For the Diengs, few treatments work to mitigate migraine attacks, and the ones that do, they have discovered, are rarely adequately covered by their insurance. Physical therapy and craniosacral therapy allowed Kristin to continue working, but when the money ran out to cover the treatments, her pain returned with a vengeance. The Diengs paid $5,000 out of pocket for Botox treatments that worsened Kristin’s pain. Eventually the family had to file for bankruptcy, and then lost their home due to medical bills.

“There came a point where we had to choose between food or medicine,” Kristin shares. “We were forced to put groceries on credit cards. We couldn’t afford our mortgage. We had to pay the medical bills because we had to have our prescriptions.”

The family, to this day, cobbles treatments together and plays “financial Jenga” to manage the annual medical debt they accrue, she says. They don’t qualify for government assistance because of their income, but those qualifications don’t consider the impact of health care expenses.
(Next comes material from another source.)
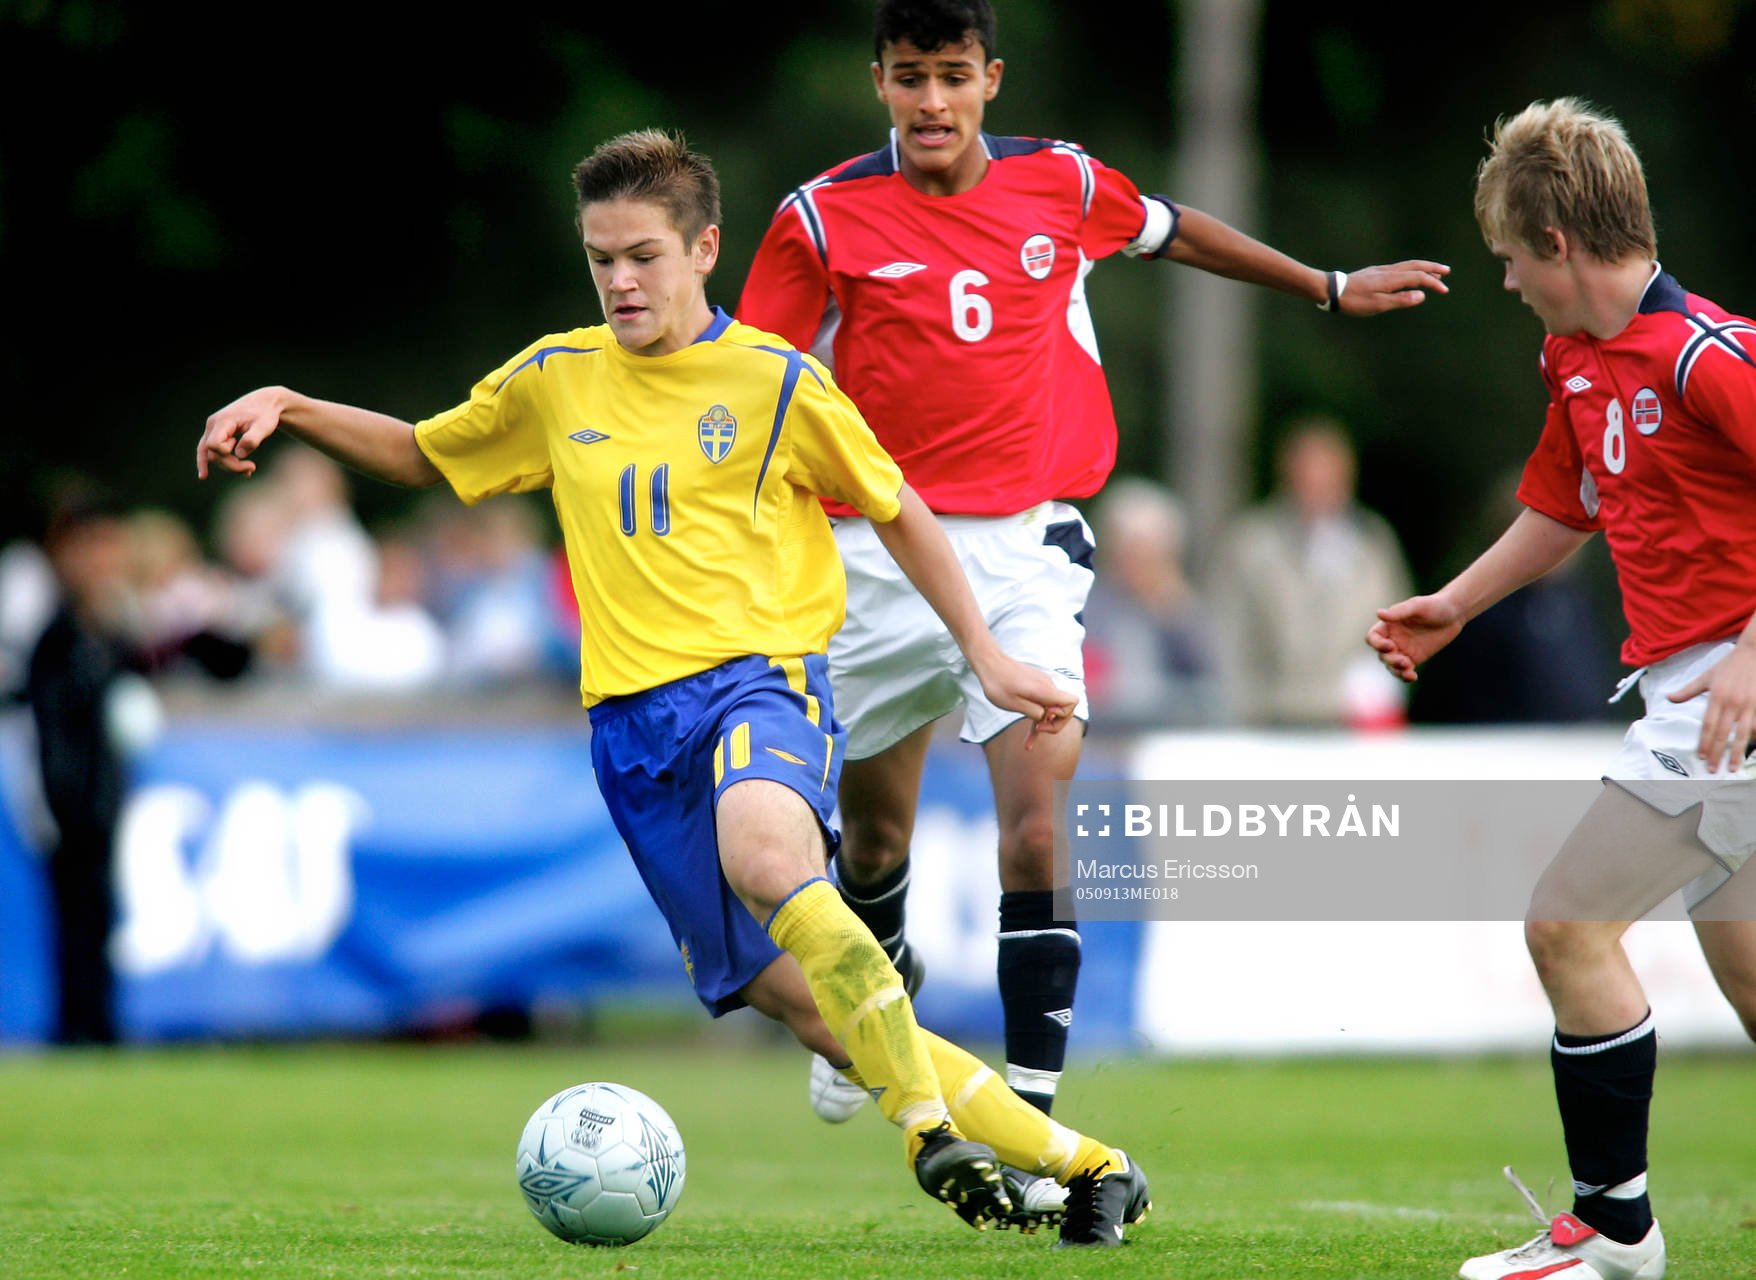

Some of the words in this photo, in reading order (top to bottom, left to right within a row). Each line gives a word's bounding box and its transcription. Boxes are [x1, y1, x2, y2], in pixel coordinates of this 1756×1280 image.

[949, 269, 993, 343] 6
[1603, 397, 1626, 475] 8
[618, 463, 671, 537] 11
“When it’s at that point where you’re like, ‘We don’t know how we’re going to pay for this,’ your kids notice,” Noah says. “Just knowing that I have this appointment, but we don’t know how we’re going to pay for it, started to weigh on me a lot. There’s a psychological aspect to the financial disparity, which itself becomes a problem.”


The Dieng family is multi-racial and practices the Muslim faith. Kristin used to wear a hijab (a head covering often worn by Muslim women). She struggled to get job interviews, and despite the fact that she was born in Minnesota, people assumed she didn’t speak English. She says she forgot what kindness felt like, and she made the difficult decision to remove the garment to better advocate for herself and her family.
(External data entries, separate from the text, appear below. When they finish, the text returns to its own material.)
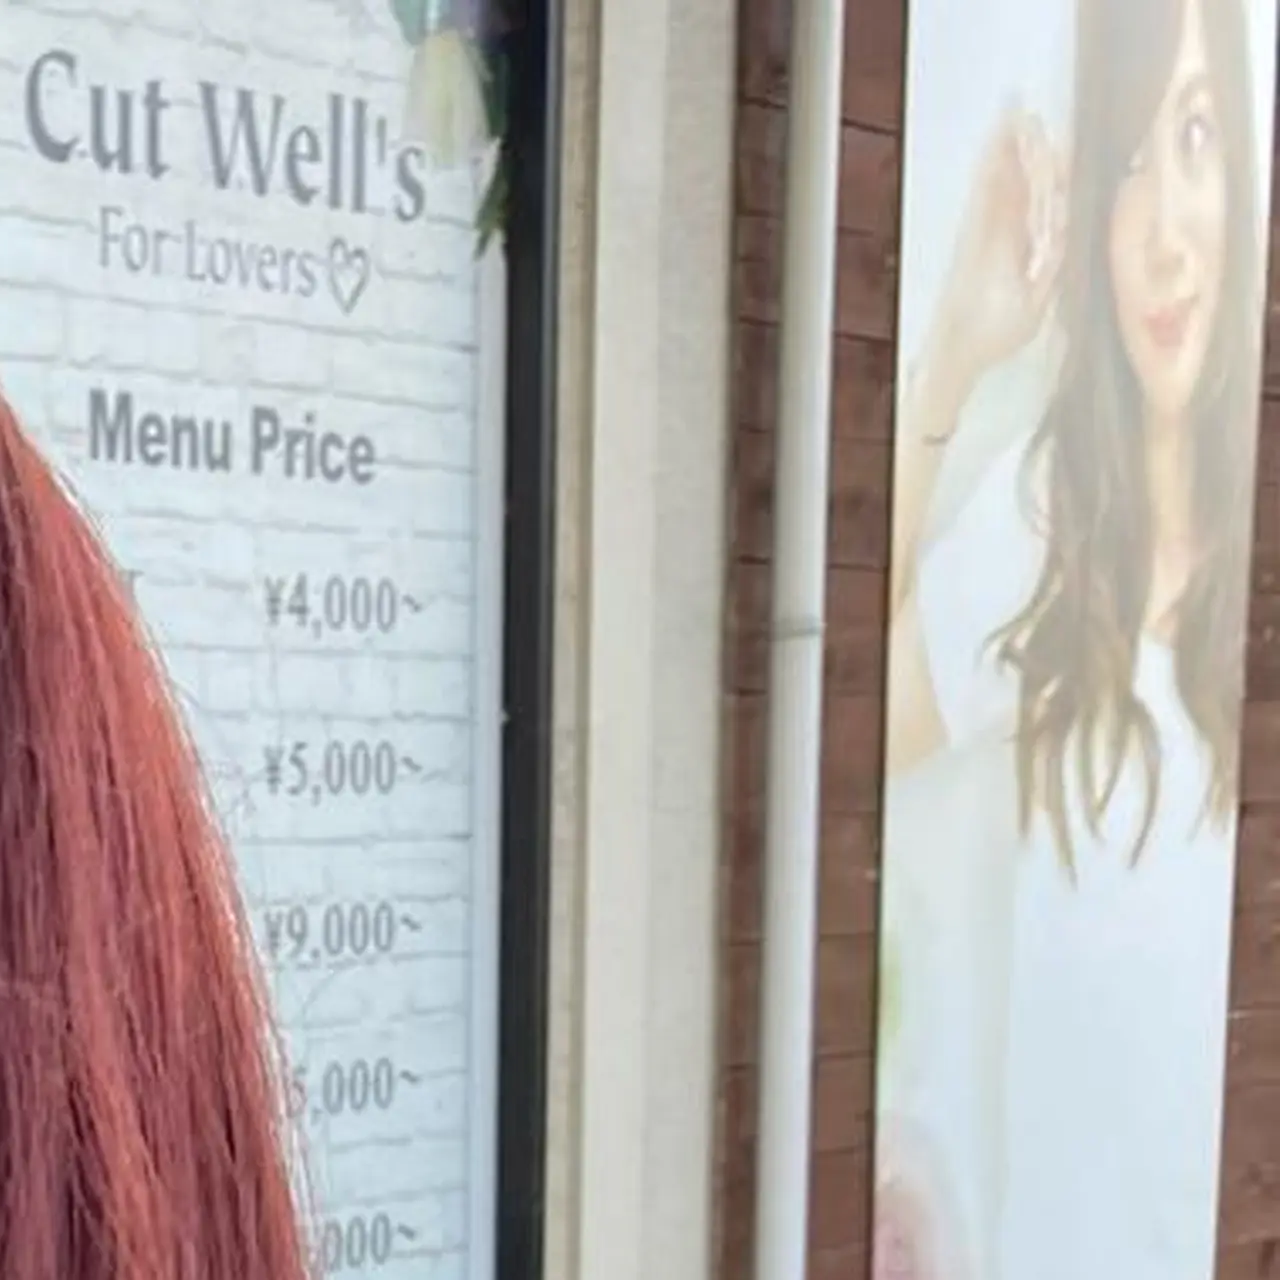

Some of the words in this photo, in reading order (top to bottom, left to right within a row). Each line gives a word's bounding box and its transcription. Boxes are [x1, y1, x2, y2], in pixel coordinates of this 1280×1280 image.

[25, 50, 170, 180] Cut
[198, 81, 427, 223] Well's
[99, 205, 183, 275] For
[185, 219, 318, 298] Lovers
[88, 388, 233, 472] Menu
[251, 406, 376, 485] Price
“Jibreel twice got called the n-word on the bus while he was in elementary school,” Kristin shares. “The school listened because I was a white woman calling and getting upset. In many ways, my whiteness has allowed me to fight for them in a way that [wouldn’t work] if it were just my husband.” Kristin’s husband, Oumar, is originally from Senegal, West Africa.

Noah shares that growing up in a multi-racial family with health and financial difficulties meant they were never dealing with only one challenge at a time.

“All the disparities compound themselves,” he says. “Anything that involves a child with chronic illness, it seems like it snowballs very quickly in every aspect of your life.”


Through advocacy organizations such as U.S. Pain Foundation’s Pediatric Pain Warrior program, the Diengs have met many other families with similar stories. Their advice?

Kristin shares, “Be prepared for a marathon. It’s going to be a long path, but don’t waste the good days. I go out of my way to spend time with Jibreel on good days and communicate a lot. A lot of parents forget you need to stop and ask your children how they feel… what they want and what they think.”

When Jibreel meets other kids with similar struggles, he tells them, “It’s going to suck every single day, but as you get older and older, you’re going to get used to it. You’ll loosen up on how it’s feeling all the time.”

Finally, Noah shares, “Talk to your kid. You forget your kid is part of the equation. Protecting and taking care of your kid becomes an objective, and you forget that they’re a person and have thoughts and emotions surrounding the pain. Talk, listen, and listen again.”